Le incombenti elezioni di novembre e il clima di tensione che si respira ad Ankara rischia di peggiorare col passare dei giorni; non a caso decine di migliaia di persone si sono radunate in diverse località della Turchia per urlare la loro rabbia nei confronti di un governo che viene considerato responsabile di questo crimine.

Ma indipendentemente dalle responsabilità su questo attentato, ancora non chiarite, appare inoltre evidente come la Turchia abbia giocato col fuoco dei gruppi jihadisti, utilizzandoli nella lotta contro i curdi e fornendo assistenza ai gruppi che combattono contro Assad in Siria.

Quindi la strategia di Erdogan appare abbastanza delineata; da un lato lotta senza quartiere al movimento filo curdo del HDP e del braccio armato curdo PKK, utilizzando per tale scopo anche le bande dei terroristi dell’Isis, dall’altro l’esigenza di mostrarsi all’opinione pubblica turca quale unico interlocutore in grado di assicurare al Paese tranquillità e sicurezza.

Il tutto per cercare di creare le condizioni migliori per il suo partito di ispirazione islamica in vista delle prossime elezioni di novembre, dopo averlo visto uscire dalle recenti di giugno rimaneggiato e senza aver ottenuto quello che sperava di più ovvero la maggioranza assoluta.

E il clima che si è venuto a creare in Turchia è forse paragonabile a quello in Italia a cavallo degli anni settanta e ottanta quando, per evitare di avere i comunisti al Governo, servizi deviati, con la complicità di potenze straniere, si resero protagonisti di pagine nere della nostra storia, da piazza Fontana alla stazione di Bologna; tutto ciò in un momento in cui il posizionamento internazionale del paese è cruciale nella partita contro lo Stato Islamico e nella dinamica dei rapporti Usa-Russia-mondo arabo.

Questa strategia della tensione in Turchia è funzionale per distogliere l’opinione pubblica da una realtà che vede un paese che sta attraversando una crisi forse mai vista negli ultimi 15 anni, un paese molto fragile e debole nella sua politica interna, ma tuttavia capace di condizionare e avere delle ripercussioni importantissime sul piano internazionale.

Paese debole ed instabile, un ex impero che in pochi anni era diventato una nuova potenza economica, ma che paga adesso tutte le sue contraddizioni; Erdogan, sempre più nazionalista ed autoritario e sensibile ai piani di un islam tradizionale, ha usato il pugno duro contro gli avversari , gli oppositori, la stampa, gli ambientalisti e la minoranza curda che gli ha tolto la maggioranza assoluta alle elezioni di giugno.
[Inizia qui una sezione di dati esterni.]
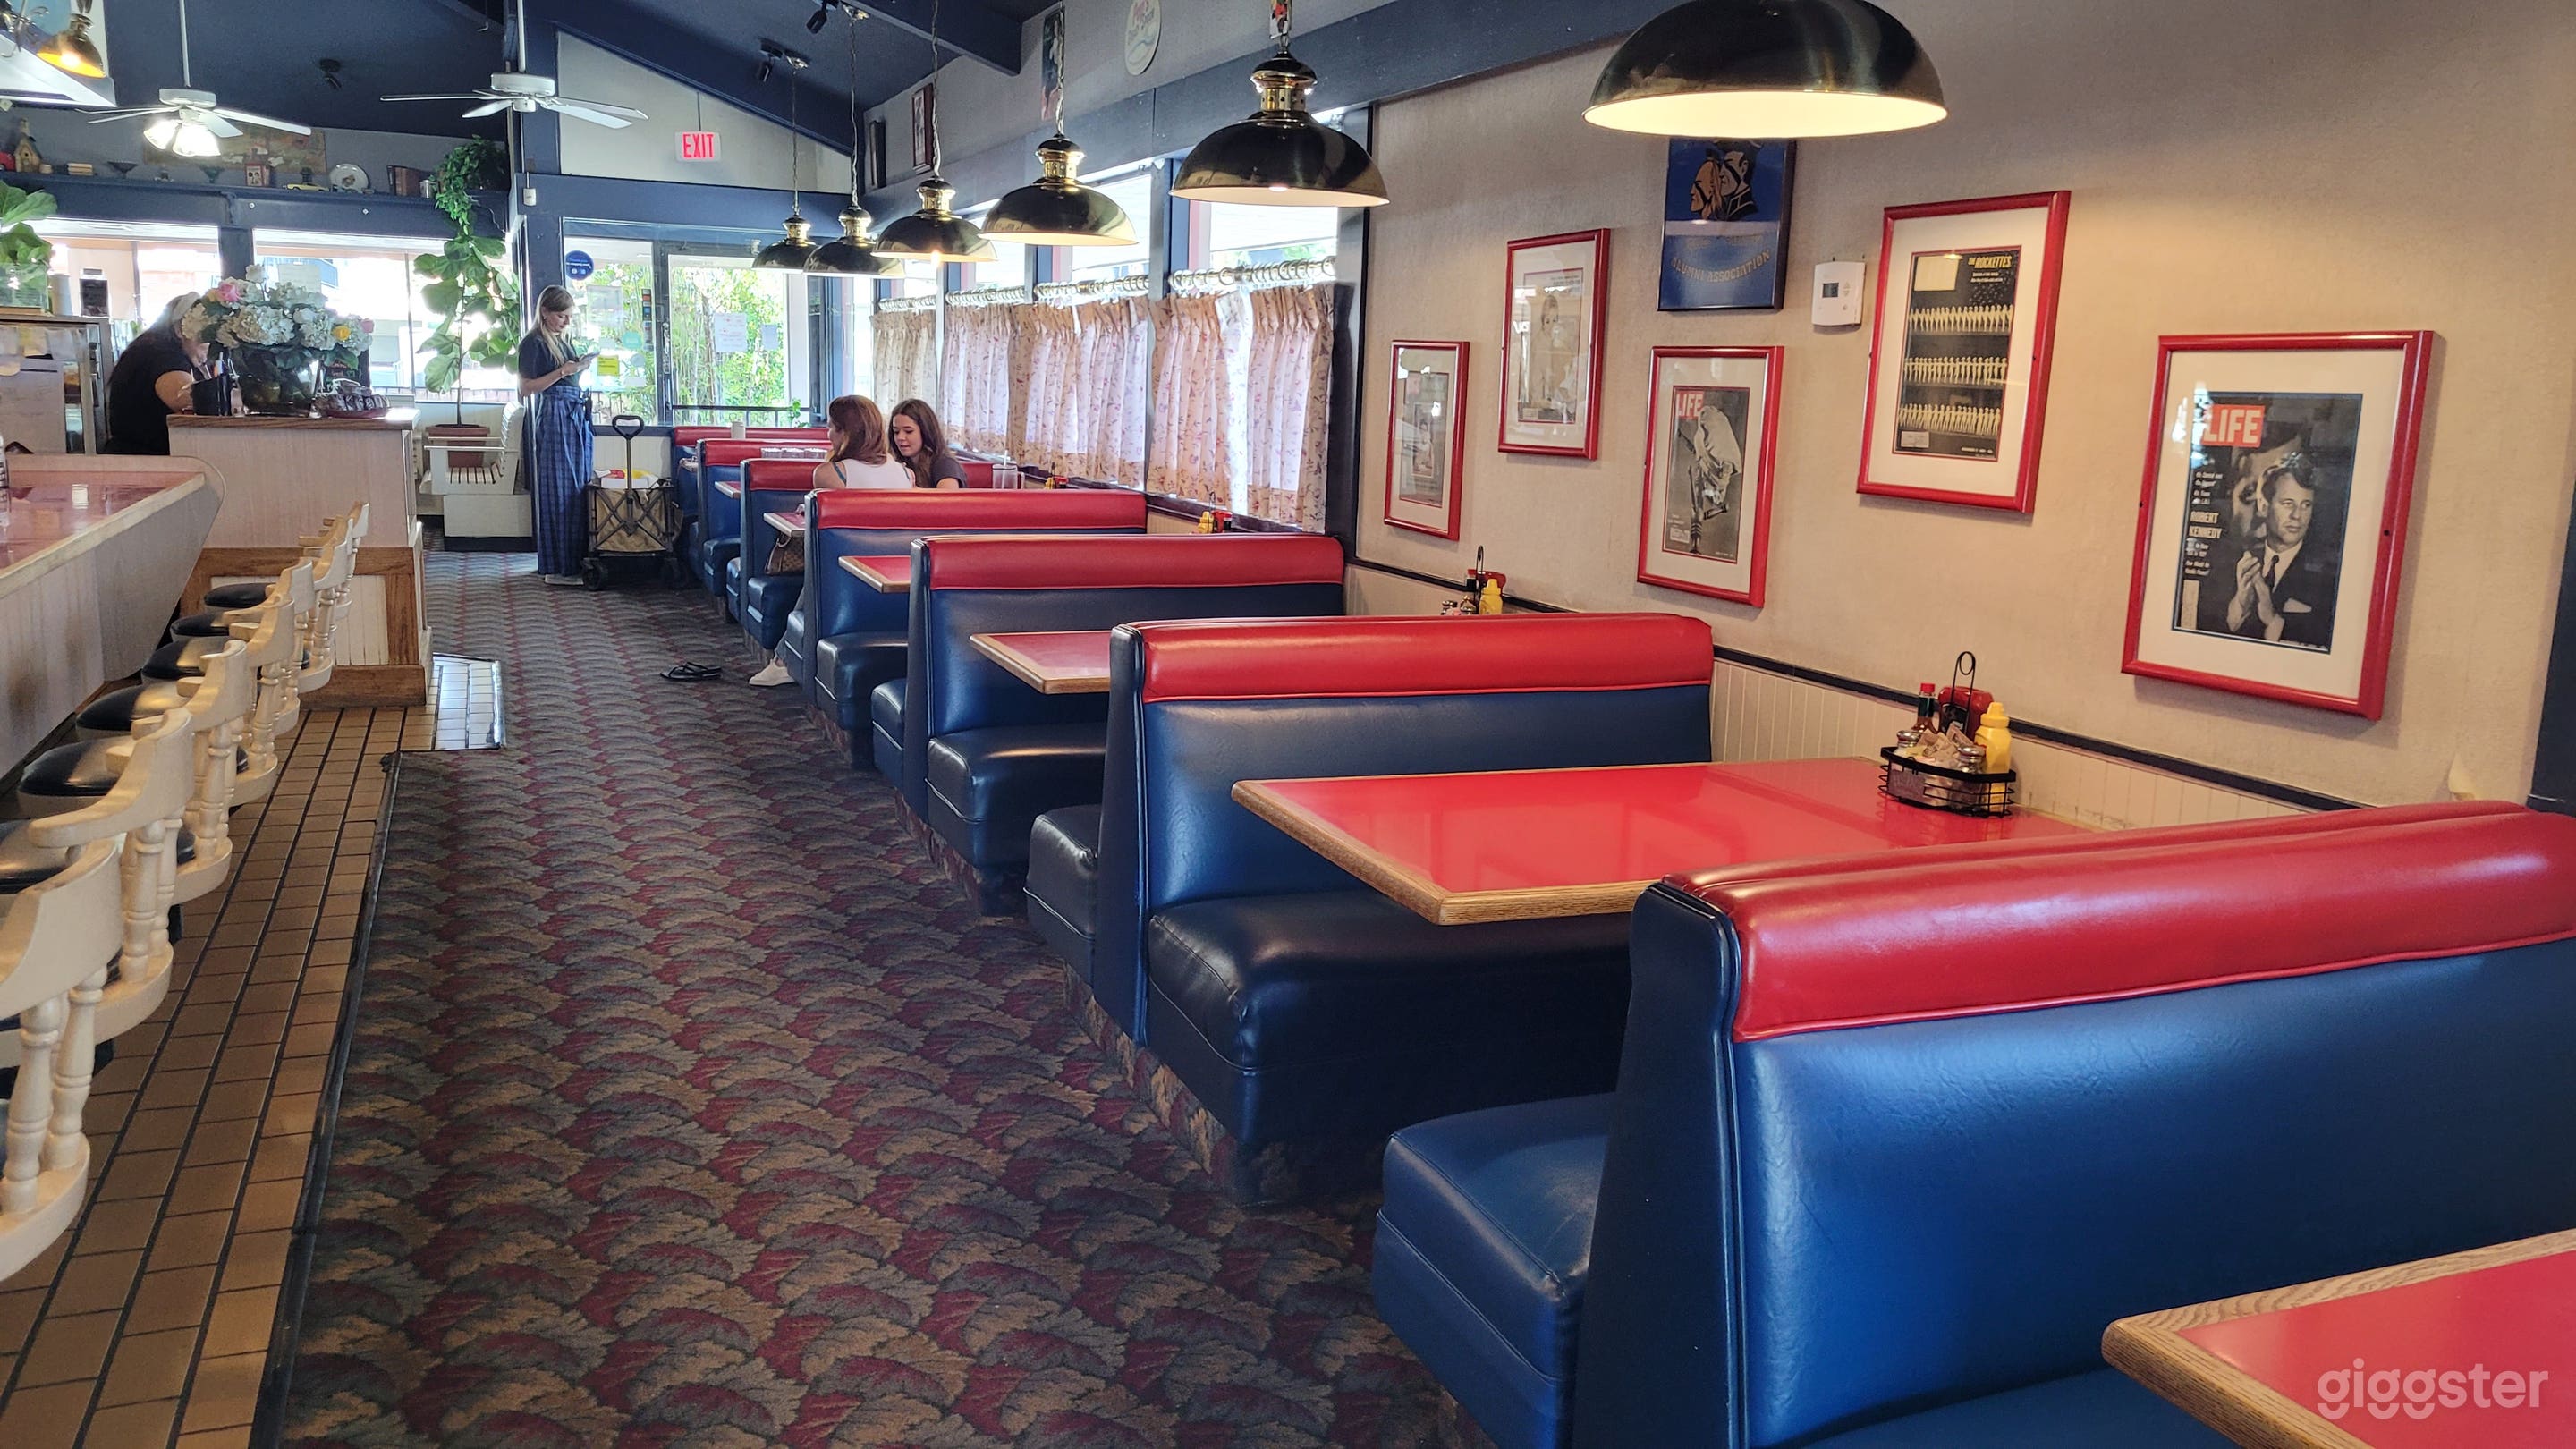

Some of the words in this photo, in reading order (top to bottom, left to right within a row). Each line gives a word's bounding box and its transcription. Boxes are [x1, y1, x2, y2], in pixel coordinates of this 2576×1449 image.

[682, 133, 714, 158] EXIT
[1670, 257, 1704, 281] ALUMNI
[1706, 250, 1771, 283] ASSOCIATION
[1974, 255, 2012, 268] ROCKETTES
[1675, 393, 1704, 418] LIFE
[2202, 409, 2262, 444] LIFE
[2190, 511, 2219, 524] ROBERT
[2189, 525, 2223, 539] KENNEDY
Ma appare con nettezza anche un’Europa assolutamente incapace di rompere con Ankara, nonostante la totale mancanza di democrazia e di fronte a questi fatti criminosi.
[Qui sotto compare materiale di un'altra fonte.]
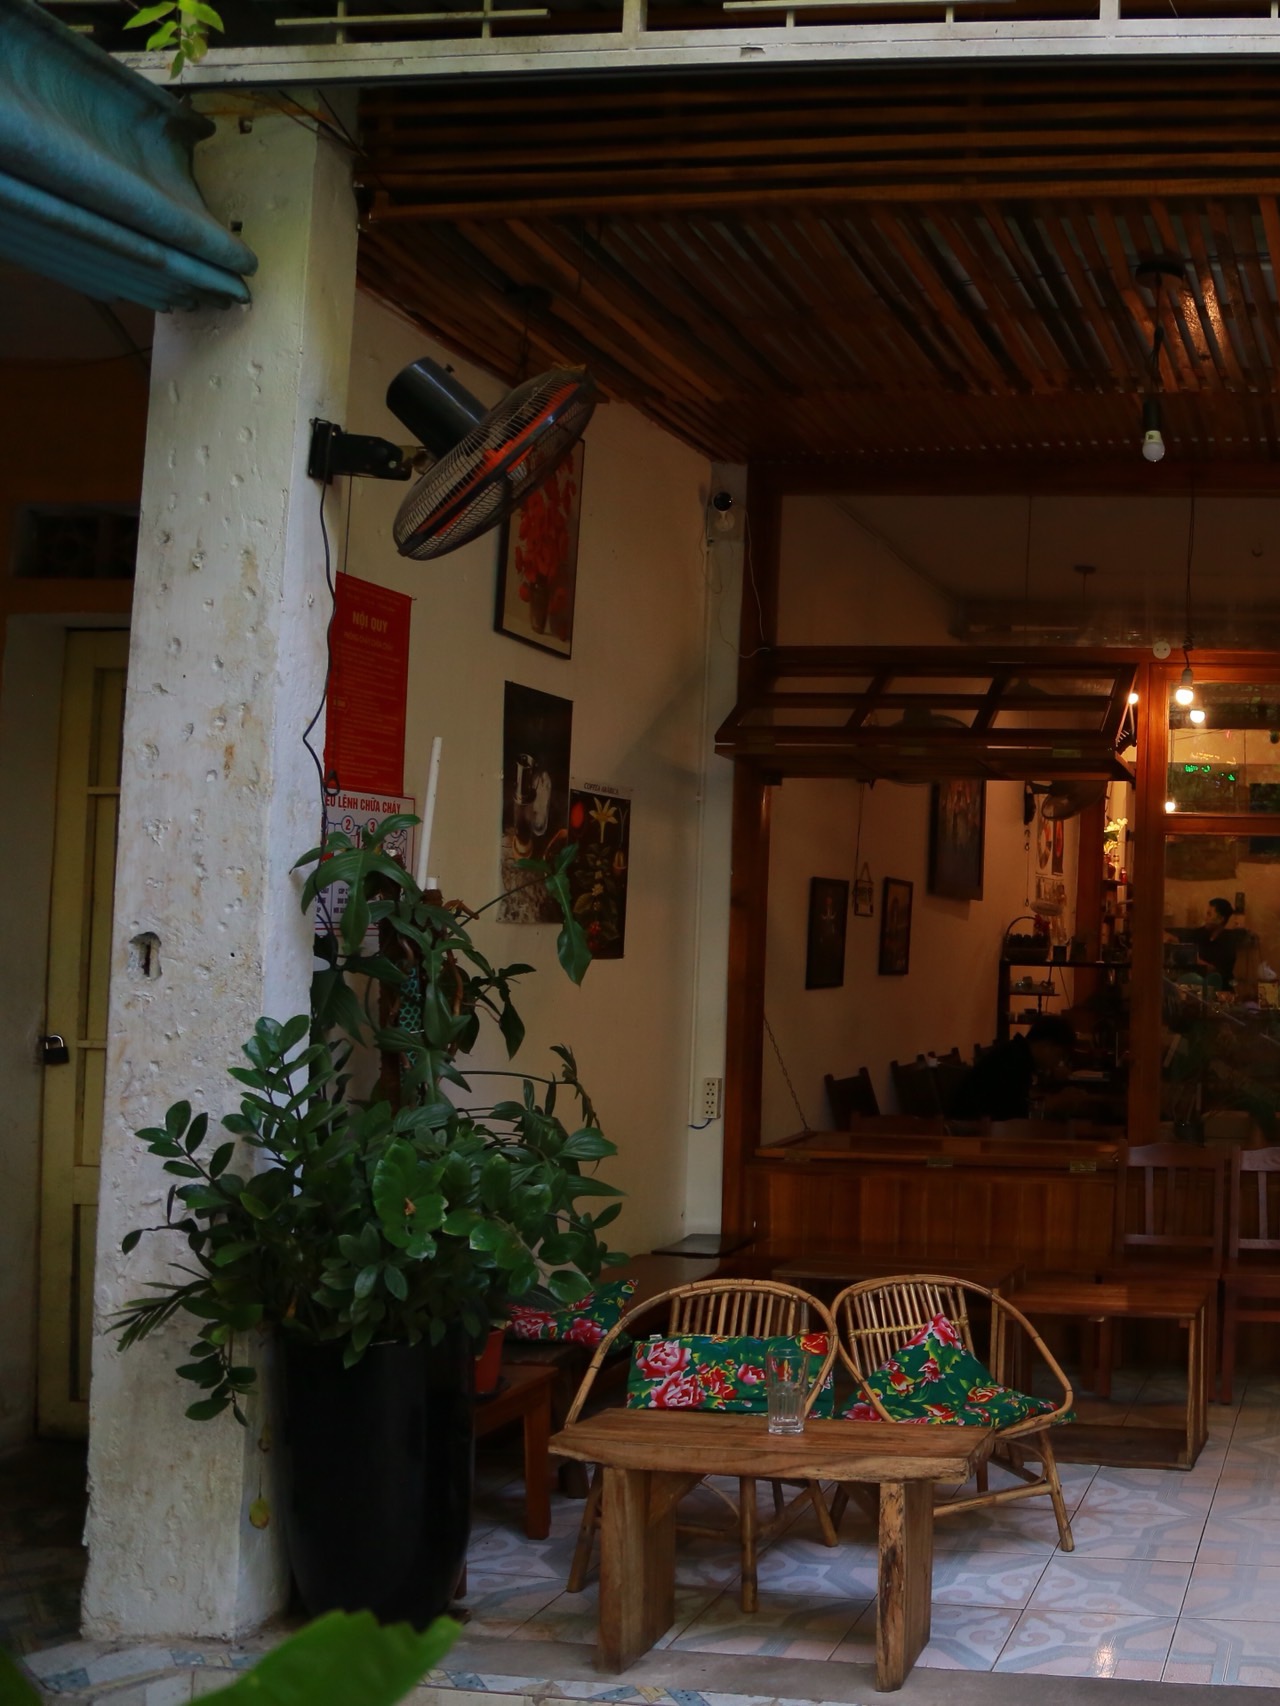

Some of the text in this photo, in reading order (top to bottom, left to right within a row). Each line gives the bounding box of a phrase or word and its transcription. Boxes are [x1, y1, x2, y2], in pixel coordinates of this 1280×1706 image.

[352, 610, 389, 634] NỘI QUY
[338, 794, 358, 811] LỆNH
[360, 797, 381, 813] CHỮA
[382, 800, 401, 815] CHÁY
[345, 818, 351, 831] 2
[370, 821, 376, 833] 3
E la dimostrazione di quanto sopra appare chiara nelle parole del nostro Ministro degli Esteri Angeloni nella sua intervista alla trasmissione televisiva Agorà del 13 ottobre in cui dice “ Molta apprensione per la Turchia per quanto sta accadendo e apprensione per quanto potrà accadere da qui alle prossime elezioni di novembre …. Una grandissima preoccupazione perché la Turchia, confinando con la Siria, ha un ruolo strategico e fondamentale per la NATO, è un nostro alleato ed è un Paese in cui la dinamica con i curdi è sempre preoccupante ”.

No, non è proprio così caro Ministro, non si può dimenticare la mancanza di democrazia in Turchia o confinare la questione curda ad una “dinamica preoccupante” solo perché è un nostro alleato ed è fondamentale il suo apporto nella NATO, ma bisogna assolutamente pretendere da parte di Erdogan il rispetto dei diritti e delle minoranze nel suo Paese.
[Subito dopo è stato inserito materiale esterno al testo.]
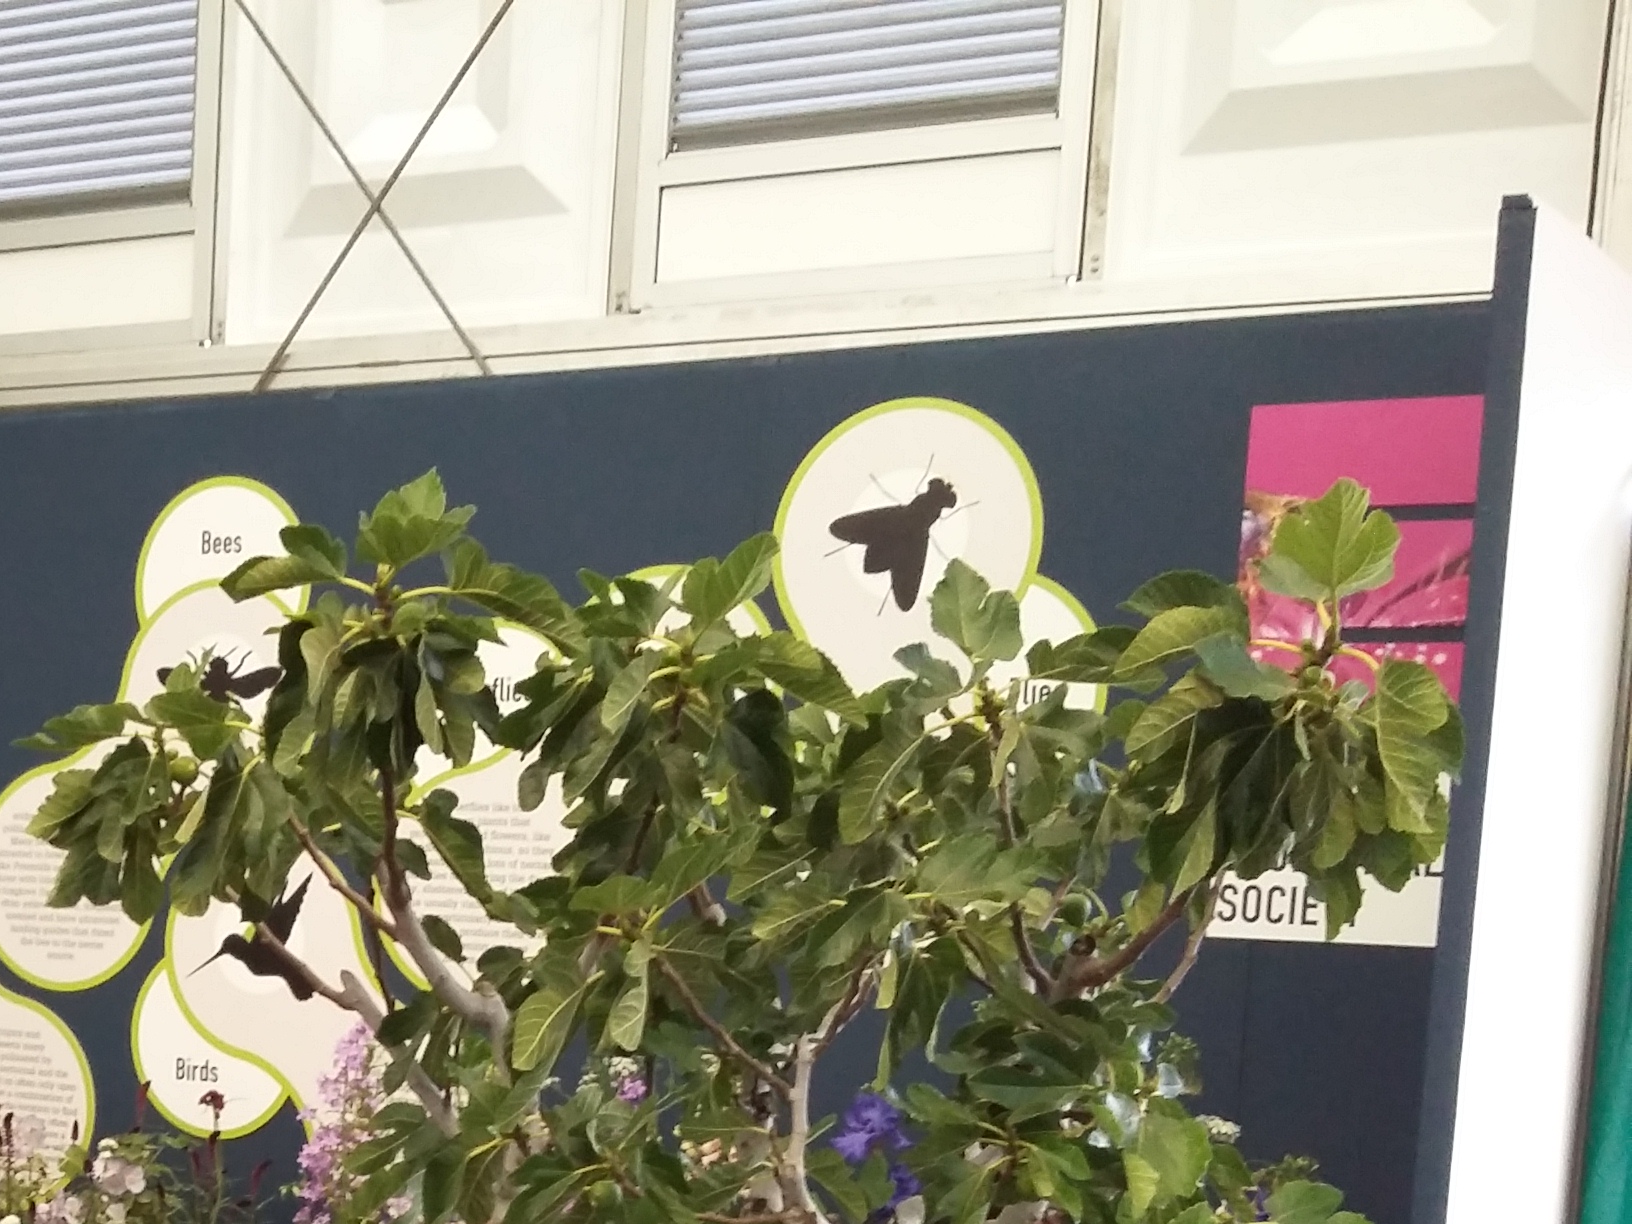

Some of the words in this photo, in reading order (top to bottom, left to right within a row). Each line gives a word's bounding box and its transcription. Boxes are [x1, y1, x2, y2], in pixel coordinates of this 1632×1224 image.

[201, 531, 243, 555] Bees
[1218, 883, 1353, 927] SOCIE
[176, 1057, 219, 1083] Birds
Non è attraverso questa realpolitik che può passare la politica estera italiana ed europea, non è con il dimenticare le legittime aspettative curde, le libertà negate al popolo turco, il bavaglio alla stampa, ai media e ai socialnetwork, che vengono rispettati i principi fondanti e fondamentali del nostro Paese e dell’Europa.

Come possiamo dimenticare infatti che proprio questa realpolitik ha di fatto cancellato il genocidio del popolo armeno da parte dell’esercito turco, ricordato recentemente solo dal Pontefice?

Caro Ministro,se non si vuole la destabilizzazione di tutta l’area mediorientale il passaggio obbligato passa attraverso la democratizzazione e una nuova fase politica in Turchia dove tutti sono rappresentati, compreso il popolo curdo; l’alternativa è la vittoria, come lo fu nel nostro Pese negli anno ’70, della strategia della tensione e dello stragismo.